USPS says it needs congressional support for all-electric truck fleet
Washington Postal Scene by Bill McAllister
In a dramatic change, Postmaster General Louis DeJoy has told Congress he wants to make the United States Postal Service’s new delivery fleet all electric.
That’s a reversal of his earlier prediction that only 10 percent of the so-called next generation delivery vehicles would be electric.
But there is a catch to DeJoy’s change: He wants taxpayers to help fund the costs of the new trucks.
“We are very, excited about having an electric fleet,” he told the House of Representative’s Subcommittee on Financial Services and General Government on March 11. This subcommittee is part of the House Committee on Appropriations.
Rep. Michael Quigley, D-Ill., raised the issue, saying the costs to create charging stations for the postal fleet were the agency’s concern.
DeJoy, who had spent most of the hearing fending off complaints about poor mail service, said that he would “welcome the help” of Congress to pay for an all-electric fleet.
On Feb. 24, a day after the USPS awarded Wisconsin-based Oshkosh Corp. a 10-year contract for production of the new delivery vehicles, DeJoy told the House Committee on Oversight and Reform that the financially strapped USPS could not afford the added costs of making the entire fleet electric powered.
Some House Democrats, citing the Biden administration’s plan for all government vehicles to be powered by electricity, were upset by DeJoy’s comments.
They are planning legislation to require the Postal Service to make most of its trucks electric.
The Oshkosh contract has the potential to be valued at $5 billion or more, according to industry estimates.
In a statement provided by the USPS before the March 11 hearing, there was a suggestion that the USPS was planning for an all-electric fleet all along.

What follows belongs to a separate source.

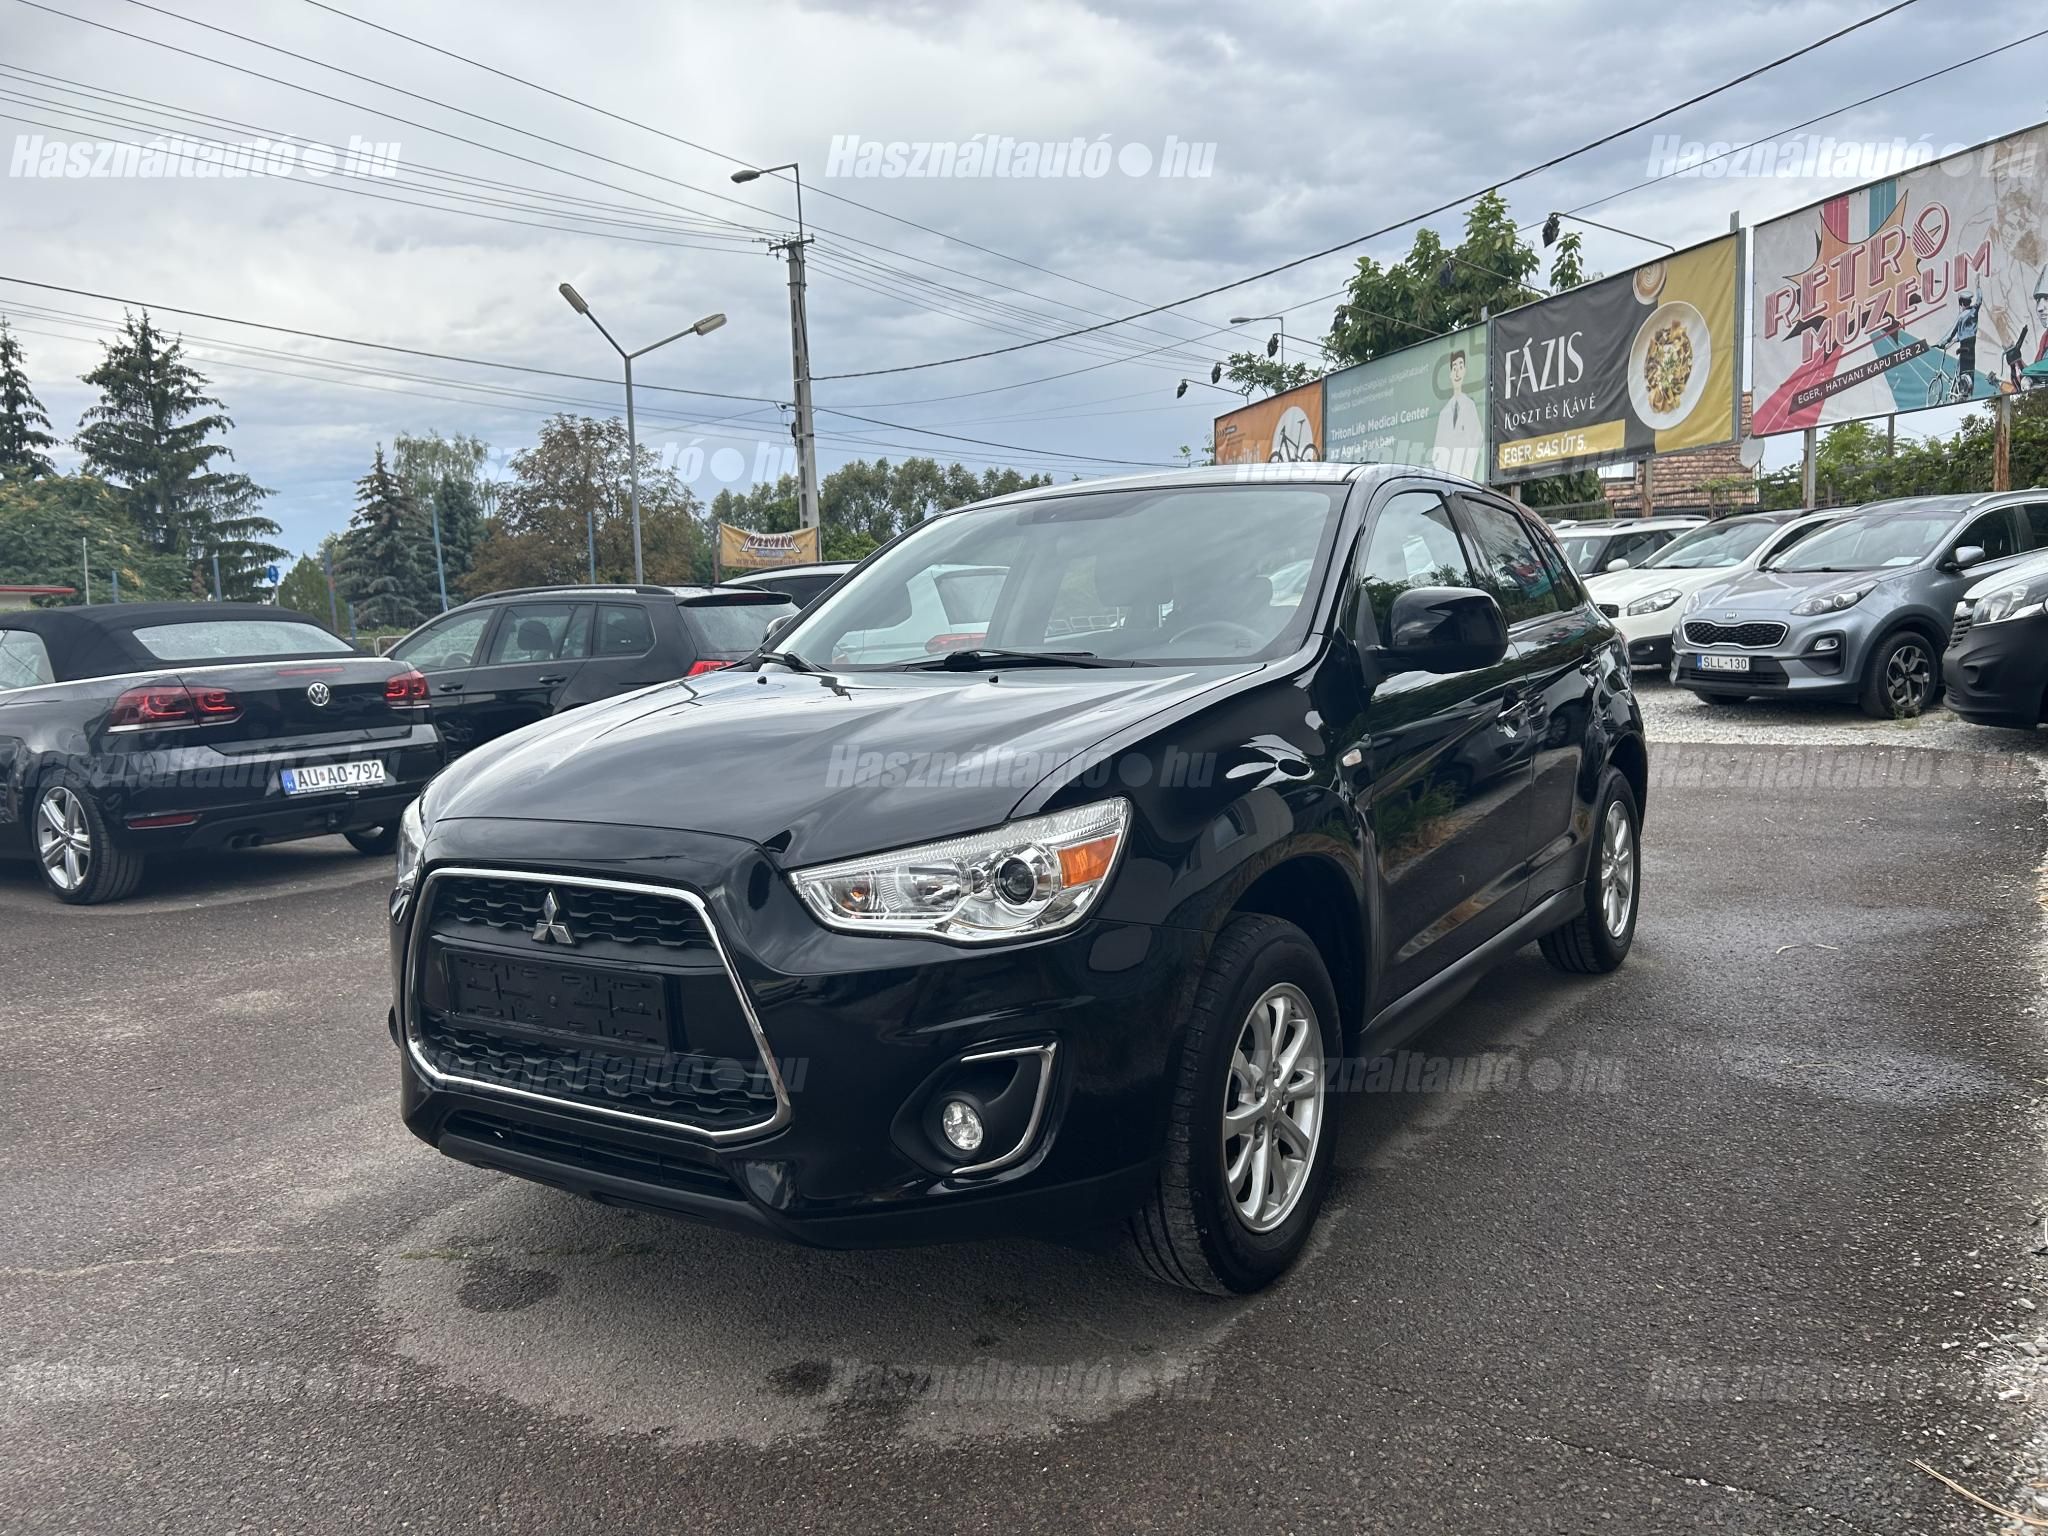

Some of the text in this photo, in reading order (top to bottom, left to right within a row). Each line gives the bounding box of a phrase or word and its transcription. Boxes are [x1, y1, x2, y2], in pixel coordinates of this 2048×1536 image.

“When the U.S. Postal Service selected the supplier for production of its next generation of postal vehicles, we imagined an electric vehicle future, committing $482 million at contract award to prepare for it,” USPS spokeswoman Kimberly Frum said.
“The challenge remains the Postal Service’s billions in annual operating losses, which is why we welcome and are interested in any support from Congress that advances the goal of a Postal Service vehicle fleet with zero emissions, and the necessary infrastructure required to operate it,” she said.
“With the right level of support, the majority of the Postal Service’s fleet can be electric by the end of the decade,” Frum said.
After the hearing, the USPS released a letter about the truck purchases that DeJoy sent to the Senate Homeland Security Committee and the House Committee on Oversight and Reform.
In the letter, DeJoy said “the initial ten percent electric vehicle quantity” was “a floor — not a ceiling” as some media outlets have reported.
“With the right level of congressional support, we can commit to a majority of the Postal Service’s fleet being electric within ten years,” the letter said.
The letter put the additional cost for moving more quickly to an all-electric fleet at “approximately $8 billion.”
At the March 11 hearing, DeJoy made the first appearance of a postmaster general before the House Committee on Appropriations in almost 20 years, according to Quigley, who chaired the meeting.
In his prepared remarks, DeJoy dealt with his agency’s request for $320.5 million for free mail for the blind and overseas voting, two small areas of postal operations that Congress still funds.
The issue of the new mail trucks did not emerge until Quigley raised it during the final round of questions.
Until then, DeJoy had remained on the defensive, peppered with questions about slow mail service and a long-promised 10-year plan for the USPS.
The postmaster general, who took office June 15, 2020, defended his actions, saying that the Postal Service’s mail network was insufficient to handle a holiday surge of mail last year.
“Our network has been eroding for years,” he said.
He also blamed a large number of COVID-19 illnesses in the Postal Service’s workforce for mail delays that he acknowledged were unacceptable.
He did say that some projections warn of another 35 percent to 40 percent decline in first-class mail in the next 10 years, while package volumes will continue to climb.
“We need to organize ourselves,” he told the panel.